Wstęp. Nie widzę orła, ale wiem co znaczy Polska.
Maj
jest to miesiąc, w którym czcimy naszą Flagę oraz Godło a także Konstytucję. Od
najmłodszych lat uczono mnie szacunku dla Ojczyzny, barw narodowych. Jako mały
chłopiec byłem zuchem potem harcerzem. Wpojono mi zasady i wartości, które
towarzyszą mi do dziś. Z wiekiem traciłem wzrok, ale gdy pomyślę o Biało –
Czerwonej lub o Białym Orle to widzę je przed oczyma. Mój mózg wyświetla ten
obraz z dawnych zasobów pamięci.
Mimo,
że nie zobaczę już naszego Godła, ale rozumiem co symbolizuje. Sam Orzeł
symbolizuje potęgę, siłę i majestat. Dla mnie Orzeł jest Królem przestworzy. Inne
stworzenia czują respekt przed nim i oddają mu szacunek.
Zawsze
czułem się częścią Narodu Polskiego skupionego pod jego skrzydłami. Wyobrażam
sobie, ze znajdują się tam wszyscy zdrowi i chorzy, mali i duzi, młodzi i starsi.

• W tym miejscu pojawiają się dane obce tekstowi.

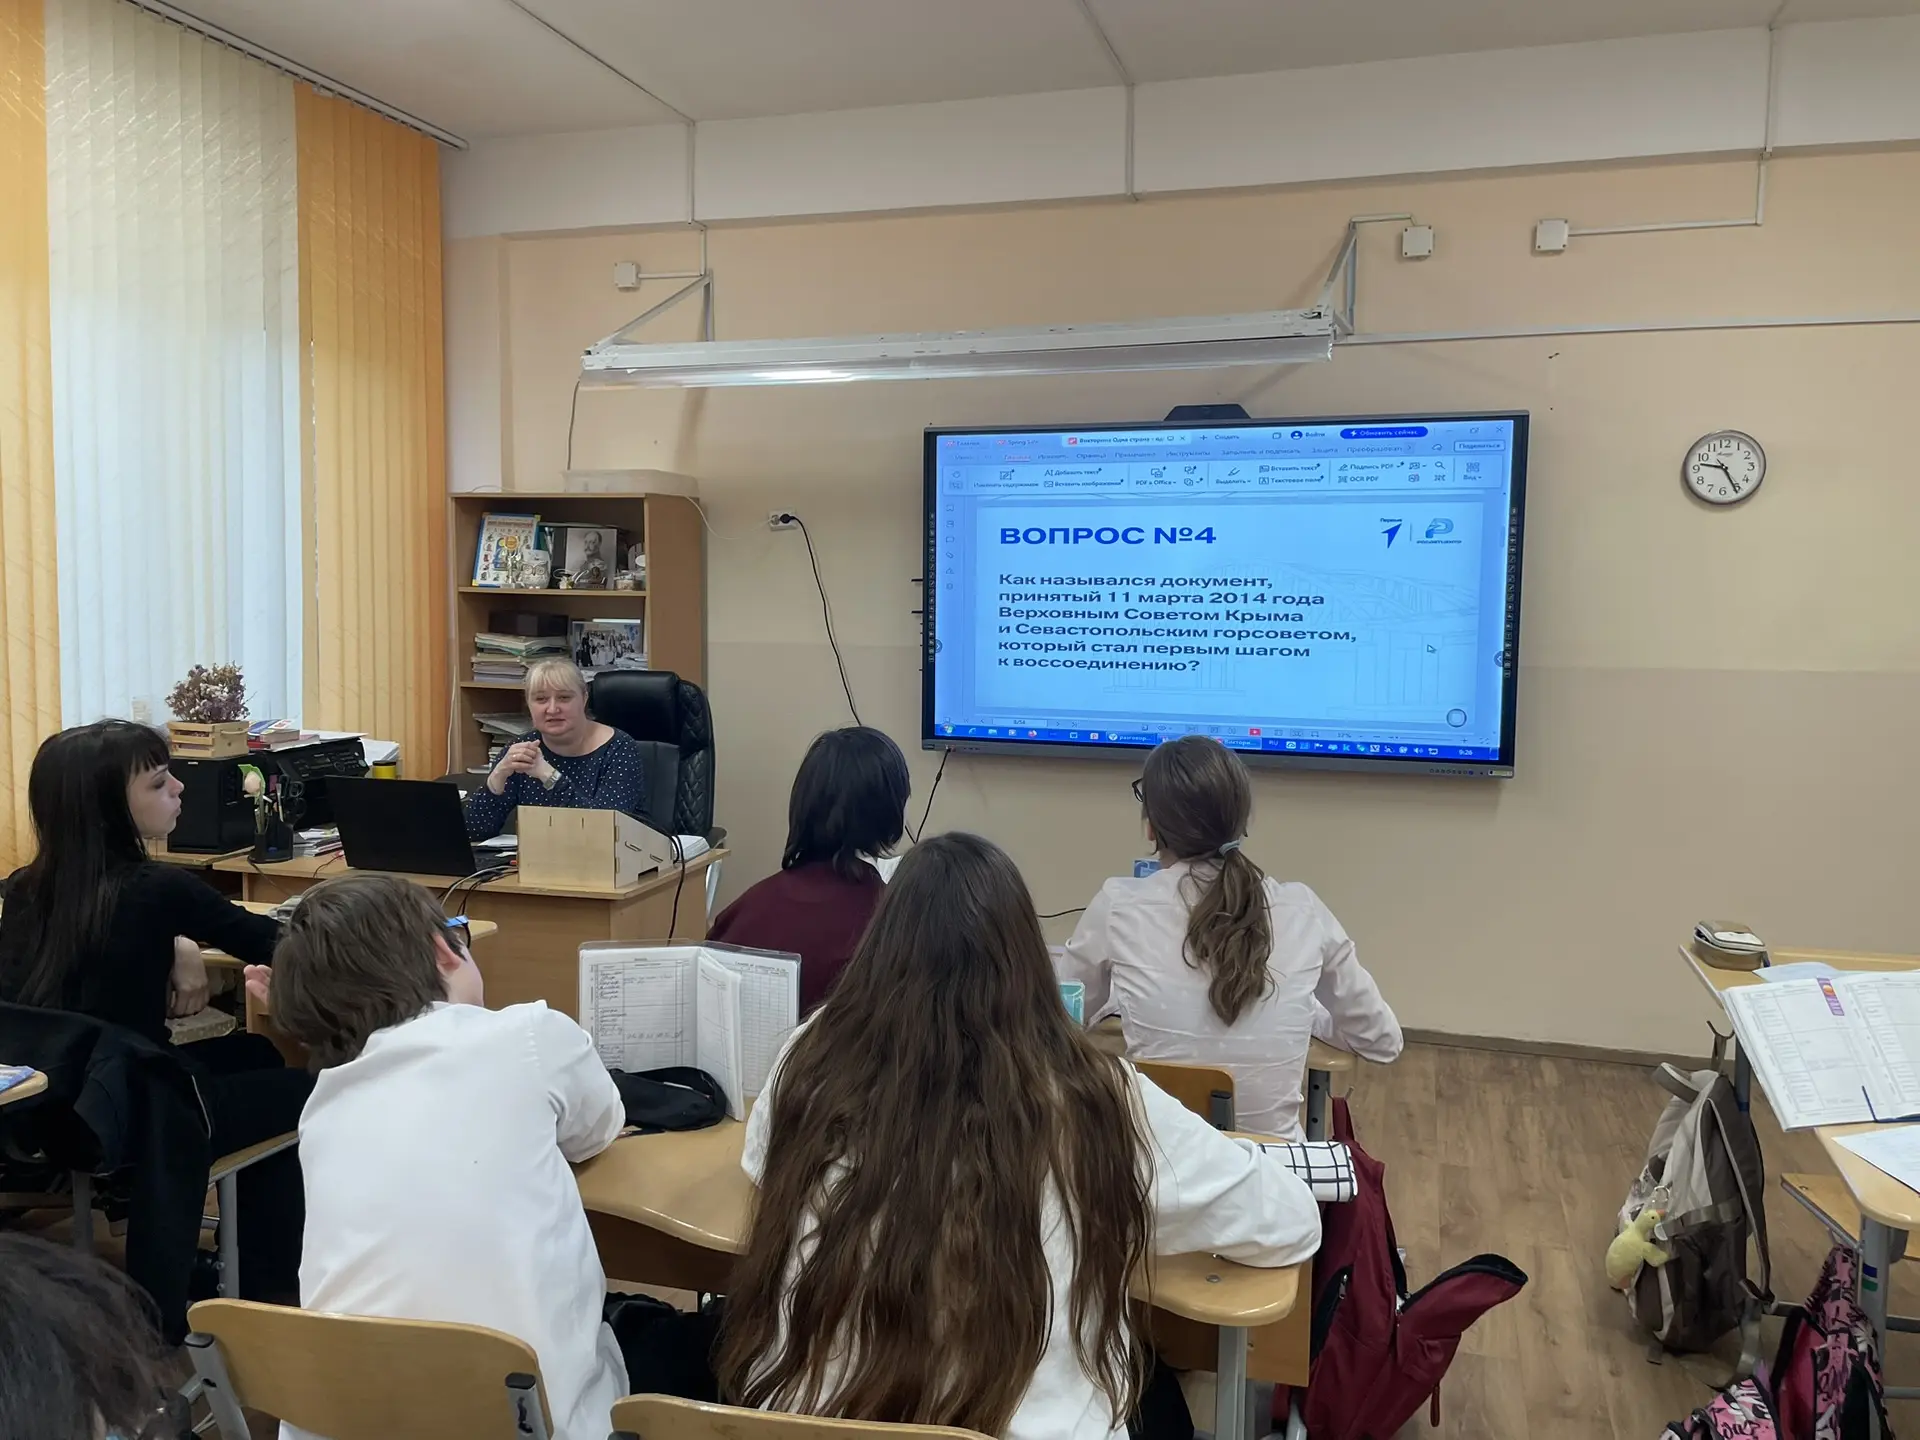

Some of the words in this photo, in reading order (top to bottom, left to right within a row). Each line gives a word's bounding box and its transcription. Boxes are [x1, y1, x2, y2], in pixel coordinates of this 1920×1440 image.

[1708, 443, 1716, 452] 11
[1719, 439, 1731, 448] 12
[1698, 453, 1709, 462] 10
[1744, 450, 1751, 460] 2
[1692, 464, 1700, 473] 9
[1747, 462, 1755, 471] 3
[1697, 476, 1704, 485] 8
[1742, 474, 1749, 483] 4
[1707, 484, 1714, 493] 7
[1719, 487, 1727, 496] 6
[1000, 526, 1145, 544] ВОПРОС
[1154, 526, 1217, 544] №4
[999, 574, 1036, 586] Как
[1040, 577, 1156, 586] назывался
[1160, 577, 1273, 589] документ,
[999, 590, 1101, 602] принятый
[1108, 592, 1130, 602] 11
[1138, 594, 1204, 605] марта
[1209, 592, 1267, 604] 2014
[1272, 595, 1325, 606] года
[999, 606, 1119, 620] Верховным
[1124, 608, 1220, 621] Советом
[1225, 609, 1304, 623] Крыма
[999, 625, 1010, 634] и
[1015, 623, 1208, 637] Севастопольским
[1213, 628, 1357, 643] горсоветом,
[999, 641, 1086, 653] который
[1090, 643, 1138, 653] стал
[1143, 645, 1230, 656] первым
[1235, 646, 1311, 657] шагом
[998, 658, 1009, 666] к
[1013, 658, 1201, 671] воссоединению?

Ten maj jest wyjątkowy. Dodatkowo wzmacnia moje poczucie wspólnoty fakt, że
wybieramy Prezydenta Rzeczypospolitej. Jestem dumny, że mogę mieć wpływ na to
jak będzie wyglądać nasza przyszłość w Polsce.
Moja Polska to głos, dotyk,
zapach i smak.
Co słyszę, gdy myślę o Polsce? Po pierwsze, nasz Hymn. W
myślach widzę wręczanie medali naszym sportowcom. Wyobrażam sobie moment, gdy nasze
drużyny narodowe śpiewają go przed ważnymi meczami. Po drugie rozmowy z
nauczycielami historii i druhów harcerskich. Rozmowy o naszej historii tej
bardzo dawnej i tej nieodległej. Po trzecie w głowie słyszę głos Bogusława
Wołoszańskiego z programów o historii XX wieku. Od kilku lat nie mogę oderwać
się od programów Olafa Popkiewicza – historyka, archeologa, propagatora historii.
Ojczyzna
to nie tylko obrys granic na mapie. Dla mnie pod tą nazwą mieści się wszystko
co mieści się w tych granicach. Ziemia, góry, lasy, jeziora, rzeki, przede
wszystkim ludzie zamieszkujący jej terytorium. Dlatego Ojczyzna to dla mnie
zapach lasu, szum wiatru, szelest liści, zapach niosący się z domostw, dźwięki
mnie otaczające, Hejnał z wieży, szum wodospadów i ćwierkanie ptaków. Podziw
mój budzą gwary regionalne, jak różni się nasz wspólny język.
Ojczyzna
to także tradycje związane ze Świętami. W różnych regionach Polski różnie są
obchodzone, u mnie na Kujawach mamy „Przywołówki i Kozę”. A jak Święta to
również wypieki. Dla mnie to również zapach wypiekanego chleba z polskich zbóż,
zapach ciasta drożdżowego i smak rogali Marcińskich albo pączków z marmoladą z
dzikiej róży. Firma dr Gerard jest producentem ciastek. W ich ofercie odnajduję
słodycze nawiązujące do smaków z dzieciństwa.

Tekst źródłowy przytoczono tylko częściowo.